They exited because KUL yield is lower compared to BKK and SIN and there were more profitable routes they could earn more money from. In addition, the introduction of new generation of aircraft also reduced the need for stopover. Corporate strategy change in both BA and QF also resulted in the elimination of less important routes.
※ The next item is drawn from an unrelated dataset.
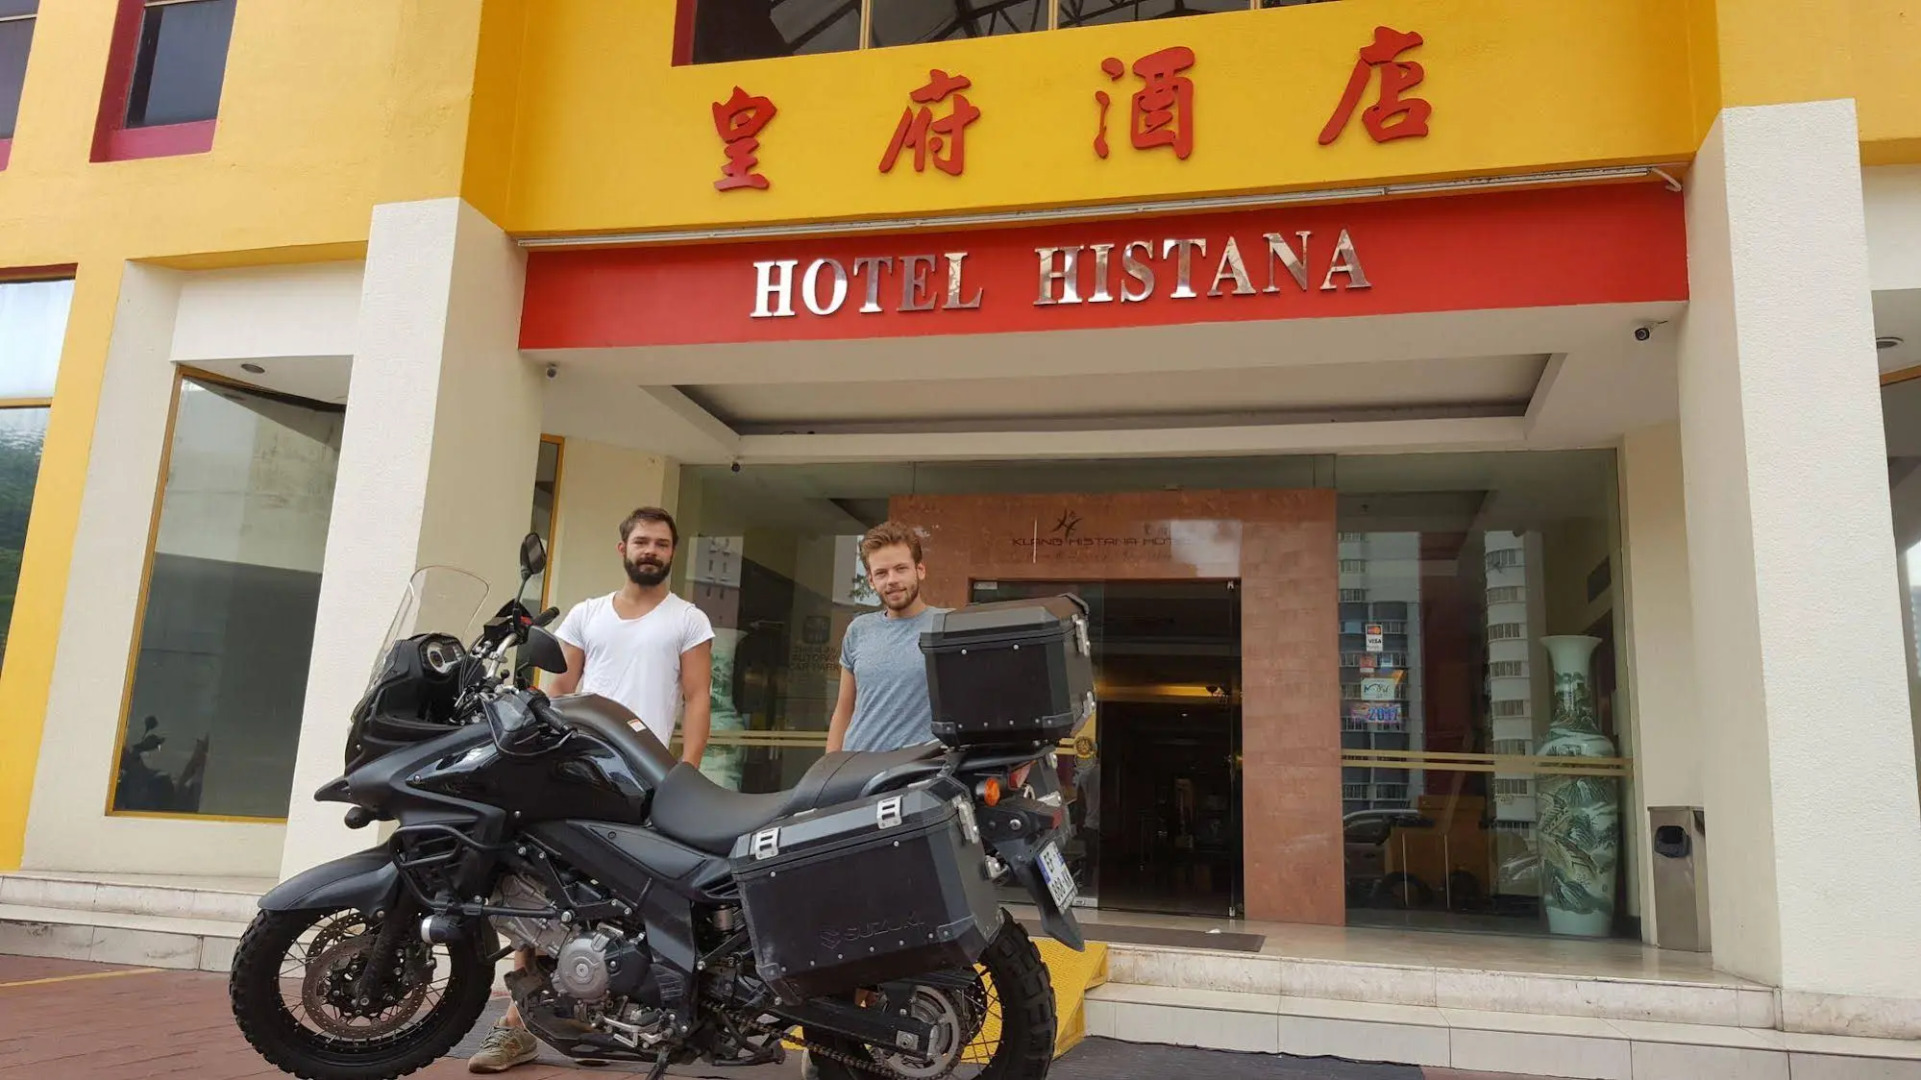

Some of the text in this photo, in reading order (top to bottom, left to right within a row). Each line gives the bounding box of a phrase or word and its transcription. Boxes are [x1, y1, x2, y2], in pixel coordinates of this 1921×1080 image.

You can have a good read in the airliners.net threads:

  1. https://www.airliners.net/forum/viewtopic.php?t=250615
  2. https://www.airliners.net/forum/viewtopic.php?t=123799
  3. https://www.airliners.net/forum/viewtopic.php?t=72115
  4. https://www.airliners.net/forum/viewtopic.php?t=577581
  5. https://www.airliners.net/forum/viewtopic.php?t=176851
  6. https://www.airliners.net/forum/viewtopic.php?t=326557
  7. https://www.airliners.net/forum/viewtopic.php?t=73105
  8. https://www.airliners.net/forum/viewtopic.php?t=182665
  9. https://www.airliners.net/forum/viewtopic.php?t=225671
  10. https://www.airliners.net/forum/viewtopic.php?t=150731
  11. https://www.airliners.net/forum/viewtopic.php?t=60107

In yield management on LHR-KUL-AUS, airlines could allocate more seats to or prioritize higher yield LHR-AUS and fill remaining with low yield AUS-KUL and KUL-LHR. Opex ex-KUL was cheaper than SIN, poor yield on KUL-LHR is not the reason.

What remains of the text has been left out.